The cornerstone of the current building was laid in 1916; 5,000 people turned out to watch on a Thursday afternoon. In a show of Charlotte’s trademark audacity, a major expansion to more than double the space was launched in the middle of the Depression.
The courthouse also housed the city’s main post office until the early 1980s. In adjoining offices, generations of residents took oaths to join the Armed Services or become American citizens. It’s where one judge ordered Charlotte to use busing to desegregate its schools, and another judge eliminated that plan a generation later. Jim Bakker was tried and convicted here. And over a matter of a few months, former Charlotte Mayor Patrick Cannon and former CIA Director David Petraeus pleaded guilty to crimes and apologized on the front steps.
At the time the courthouse was built, architects added design details to their plans based on how much money the building brought in. The Charlotte courthouse and post office was a top earner, so the designers piled on the architectural flourishes.
Van Der Staak uncovers or restores some of it every day. He began work in the spring. His pace and hours are his own. Because he can’t stand hotel beds, he drives back and forth to Seagrove each day. Given that he has his own security badge, he often works late into the night when the only other faces he sees look down from the portraits hanging on courtroom walls.
He relies on skills first honed as a teenage apprentice in the Netherlands. There, his on-the-job training often took place in the Gothic and baroque cathedrals of his homeland.
“He has such a passion for his work,” says Whitney. “He spends hours over a few inches of space. He’s not wasting money. He’s being so steadfast and tedious and accurate.”
Van Der Staak, who calls the judge “the Big Boss Man,” appreciates Whitney’s straightforwardness, which he says he once saw in Reagan.

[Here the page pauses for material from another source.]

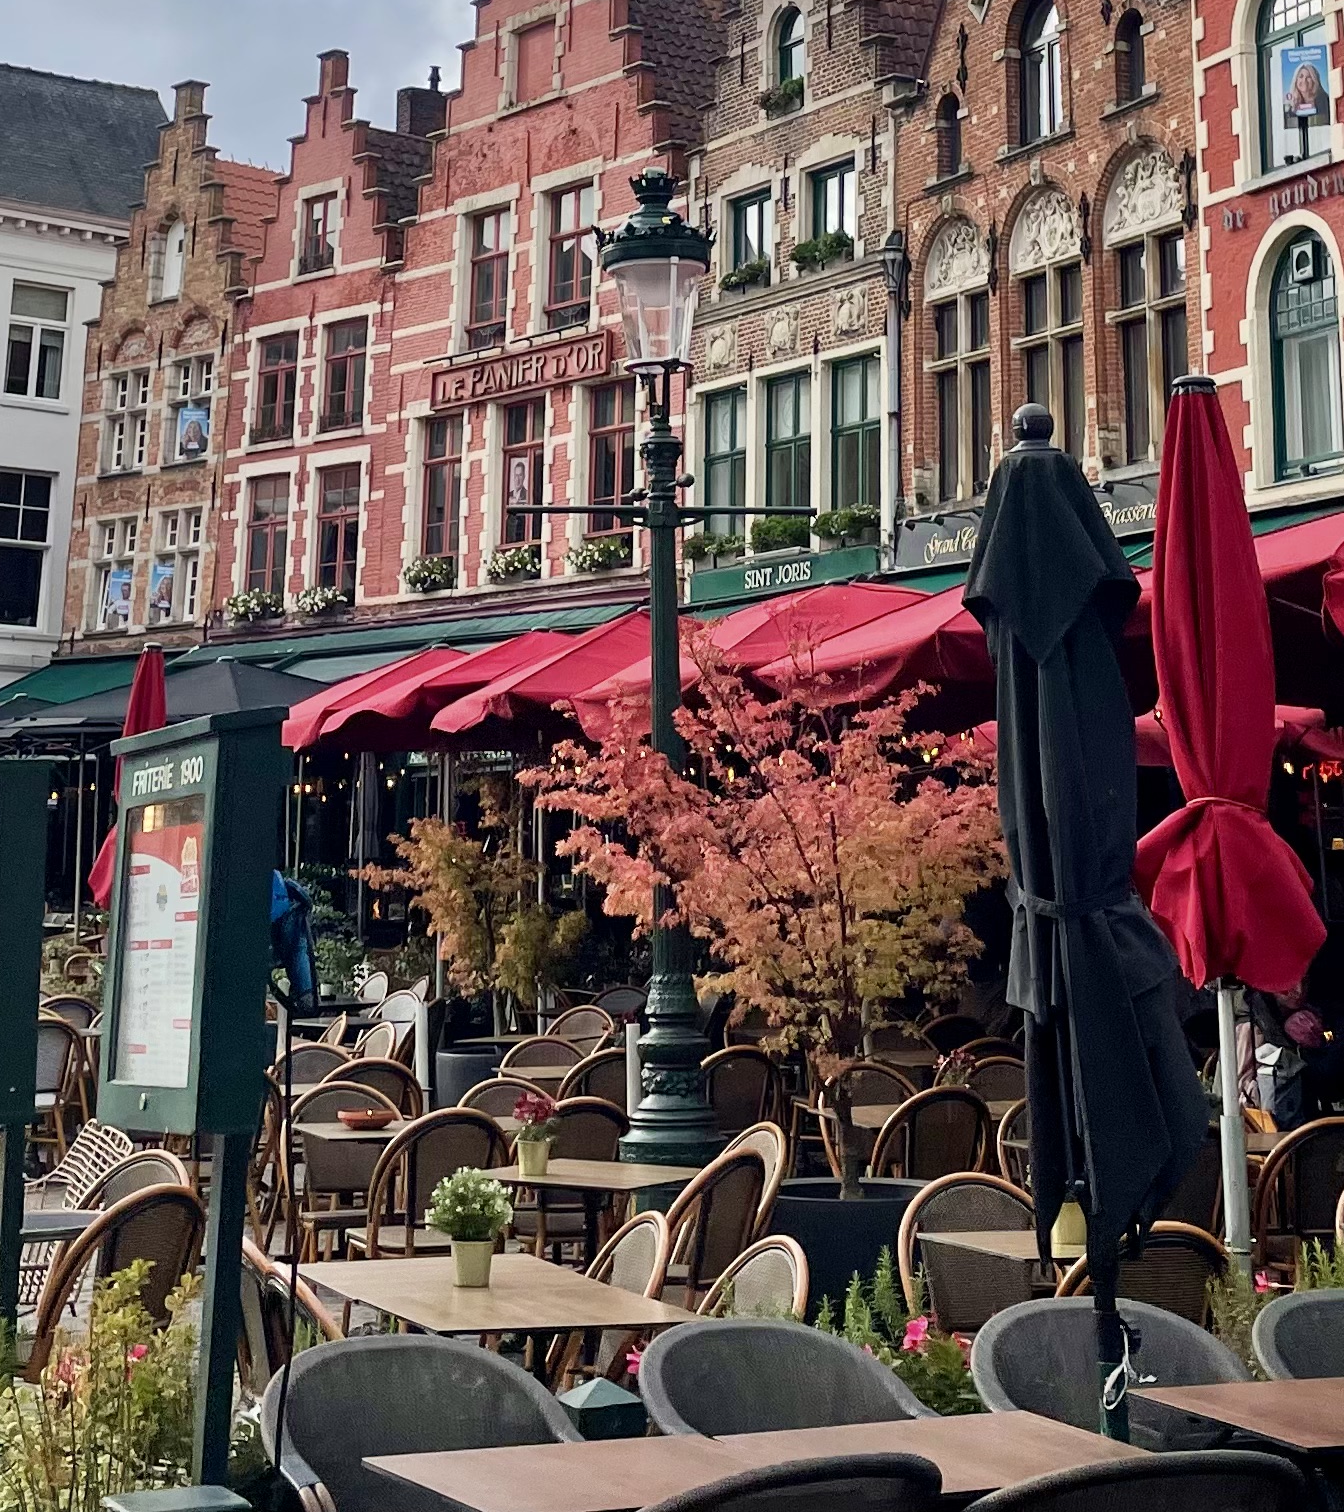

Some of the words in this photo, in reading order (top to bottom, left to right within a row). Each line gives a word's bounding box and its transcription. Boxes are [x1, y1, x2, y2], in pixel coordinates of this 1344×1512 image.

As of now, most days include some kind of compromise. For example, Van Der Staak says the lobby is swimming with painted-over gold leaf that he can’t afford to replace.
A flash of gold
During an early stage of the project, a clerk of one of the federal judges noticed something strange under the old off-white paint above a nearby doorway in the east lobby.

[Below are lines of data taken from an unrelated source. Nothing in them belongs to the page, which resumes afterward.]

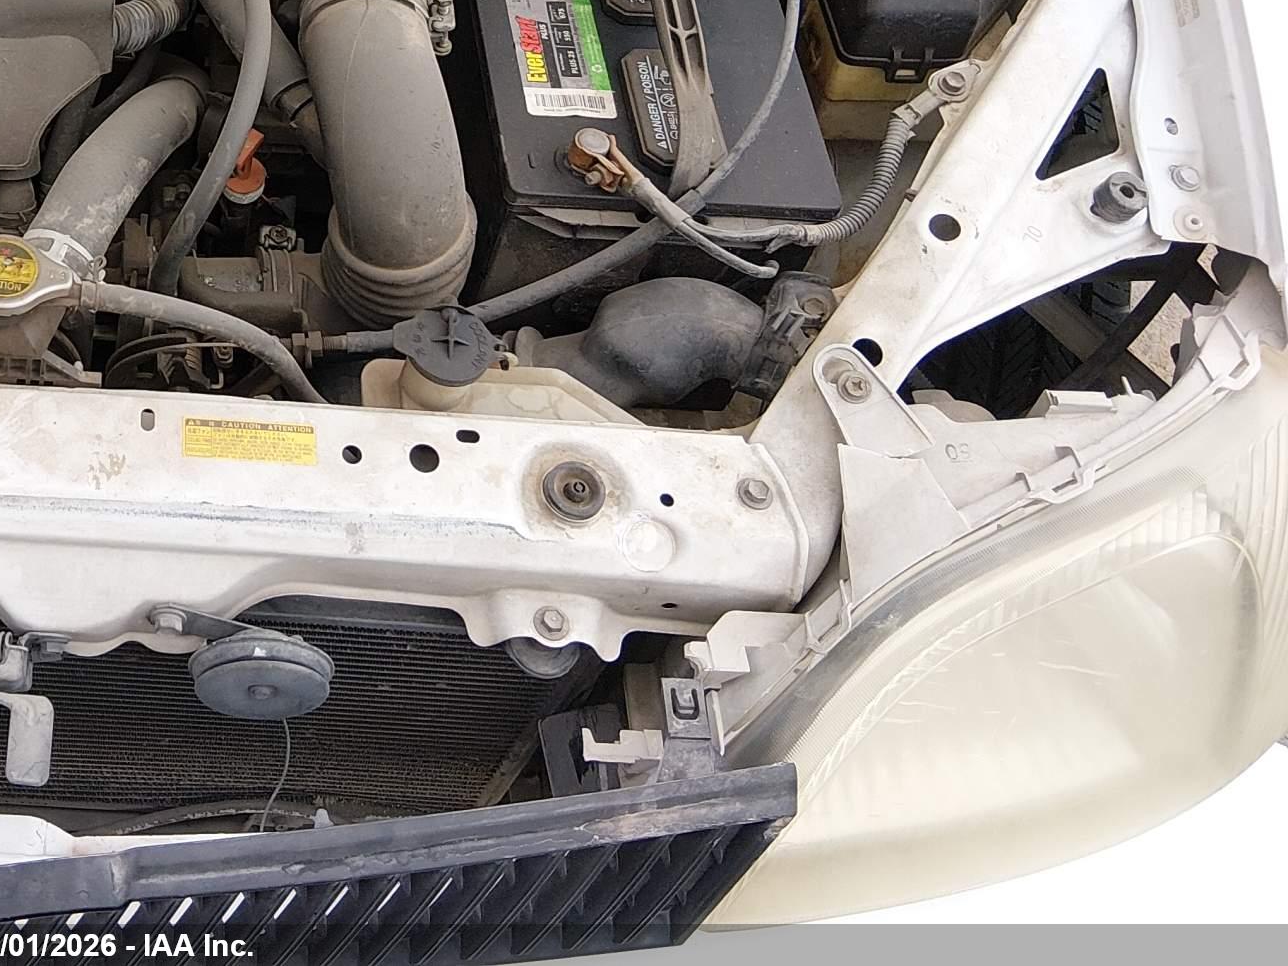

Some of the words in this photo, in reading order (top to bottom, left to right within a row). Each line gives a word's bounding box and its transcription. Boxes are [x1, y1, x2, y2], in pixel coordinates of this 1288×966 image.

[540, 24, 549, 40] PLUS
[514, 15, 549, 83] EverStart
[637, 62, 654, 94] POISON
[647, 102, 666, 140] DANGER
[221, 420, 262, 431] CAUTION
[267, 425, 313, 434] ATTENTION
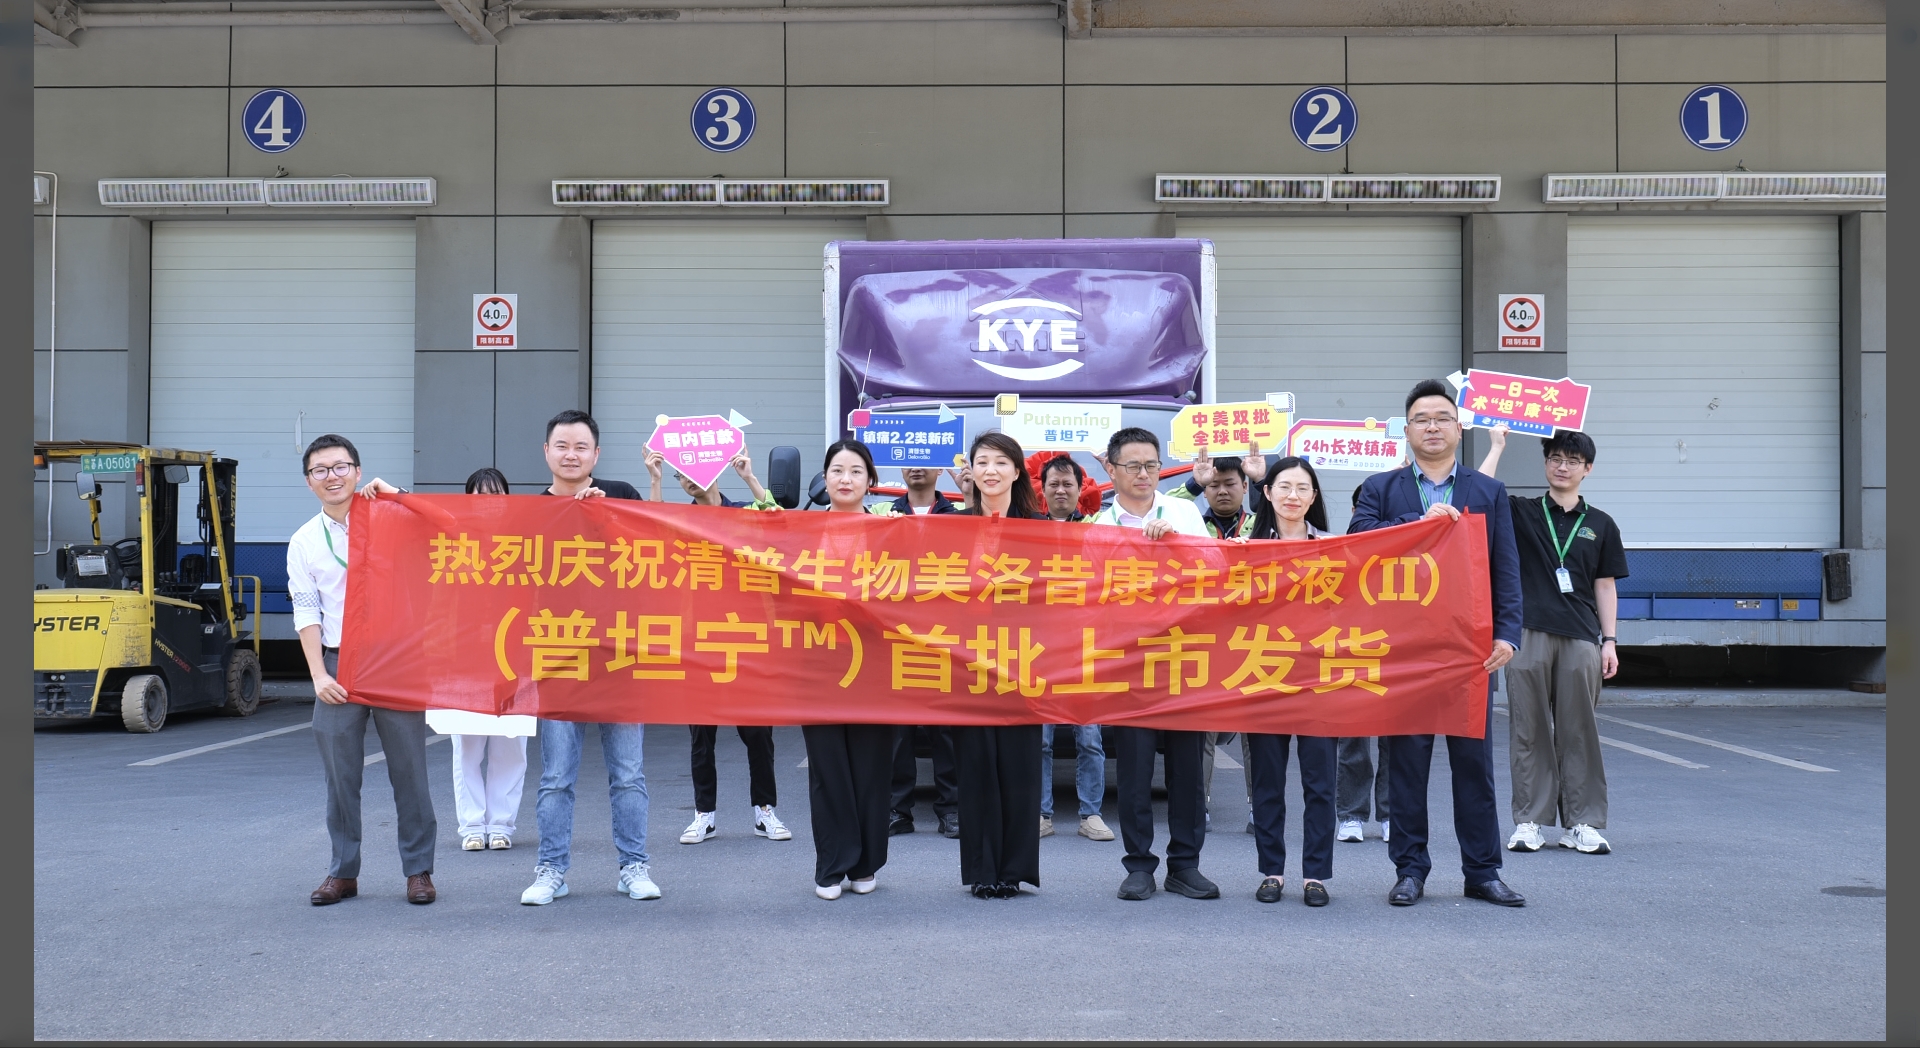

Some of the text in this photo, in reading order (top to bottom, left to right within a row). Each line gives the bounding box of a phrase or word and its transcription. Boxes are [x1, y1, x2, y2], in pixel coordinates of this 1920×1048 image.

[254, 95, 291, 146] 4
[705, 94, 742, 146] 3
[1306, 93, 1342, 145] 2
[1698, 92, 1731, 144] 1
[483, 309, 508, 320] 4.0m
[1508, 309, 1535, 320] 4.0m
[480, 337, 510, 345] 限制高度
[978, 318, 1079, 352] KYE
[1505, 338, 1537, 346] 限制高度
[1489, 381, 1560, 404] 一日一次
[1023, 412, 1110, 429] Putanning
[1191, 408, 1270, 428] 中美双批
[662, 428, 736, 449] 国内首款
[862, 430, 955, 445] 镇痛2.2类新药
[1044, 429, 1089, 442] 普坦宁
[1192, 427, 1271, 446] 全球唯一
[1303, 438, 1398, 457] 24h长效镇痛
[154, 638, 175, 659] HYSTER

Van Der Staak started chipping away. In short order, he uncovered a gold leaf-embossed state seal that is found in no other federal courthouse in North Carolina. It has two dates – when North Carolina signed the Declaration of Independence, and when Mecklenburg County signed its own.
Whitney says that discovery piqued courthouse curiosity of what might be hiding under the paint – and triggered a more ambitious set of plans. In the end, three more copies of the seal were found.

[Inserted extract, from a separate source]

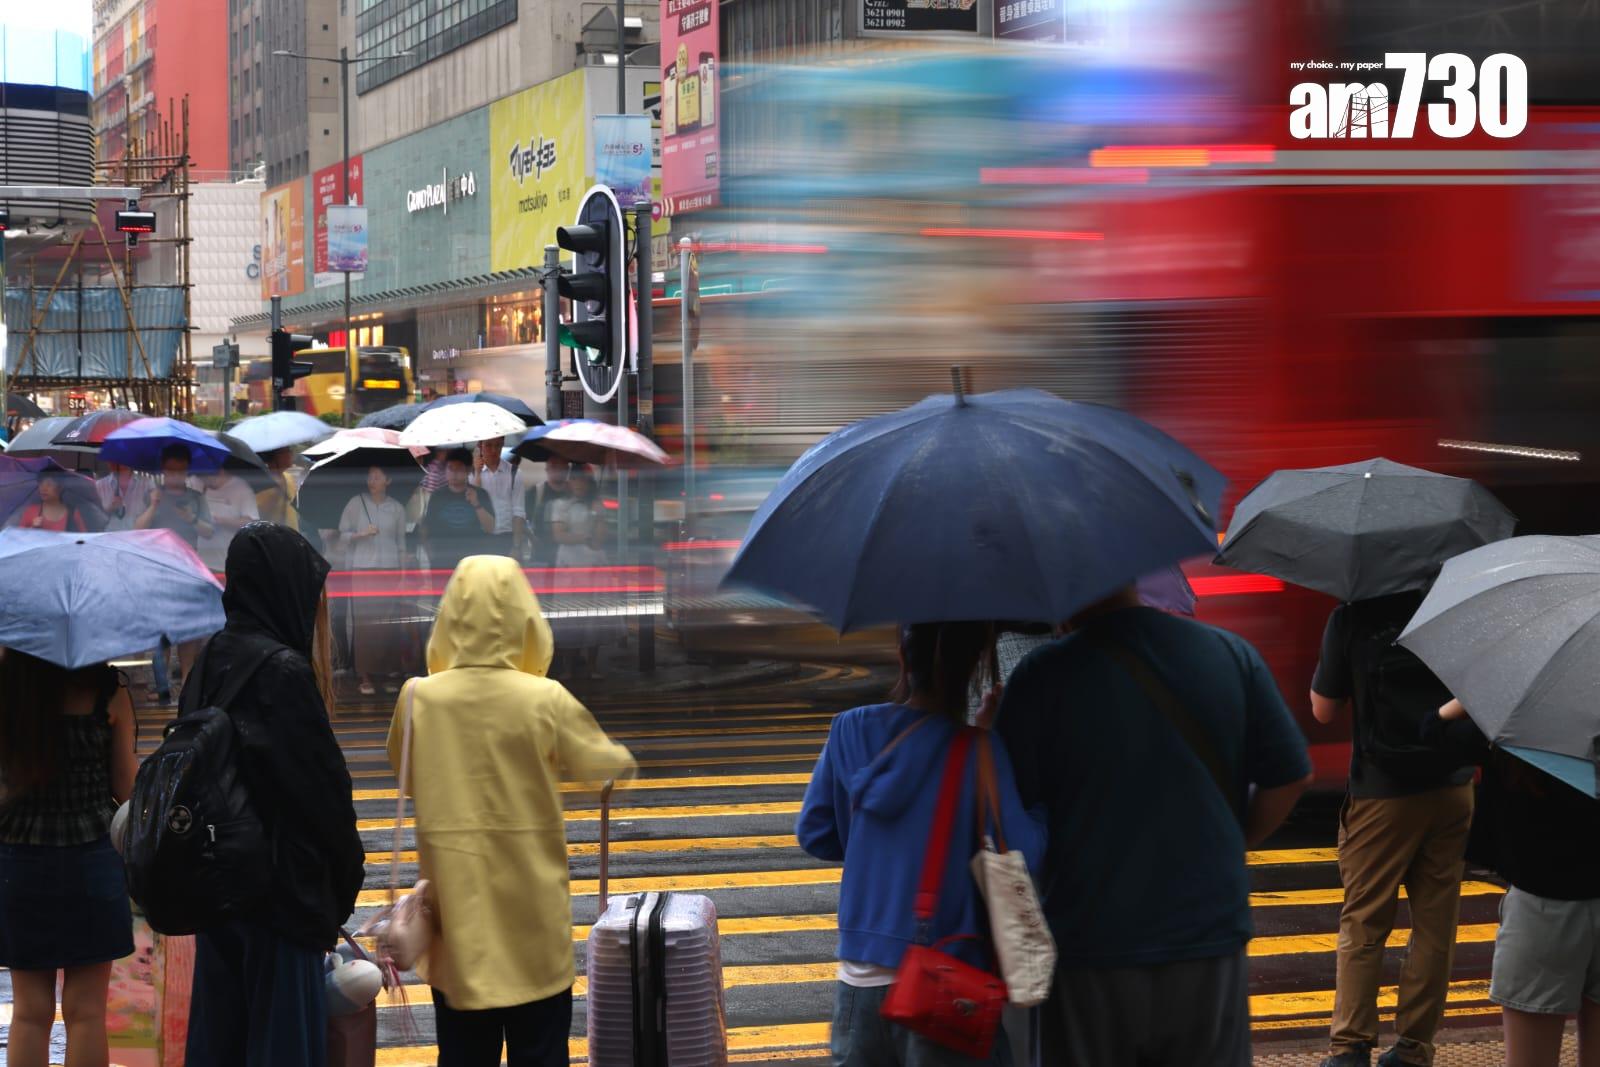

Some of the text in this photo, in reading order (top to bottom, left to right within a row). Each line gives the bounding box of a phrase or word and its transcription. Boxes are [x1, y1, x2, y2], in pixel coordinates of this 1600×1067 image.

[865, 9, 905, 17] 3621 0901
[865, 18, 906, 27] 3621 0902
[518, 189, 548, 214] matsukiyo
[68, 398, 85, 409] S14

Van Der Staak estimates he needs another six months to finish. Whitney says the total costs might run up to $100,000, which will be covered by the fees lawyers pay to practice in the federal district.
Morrill, who is writing a book about the courthouse, says the price for all the work is dwarfed by the historic and intangible benefits to the city.
“When we think about the republic we live in,” he says, “the only thing that helps it endure is that people believe in it.”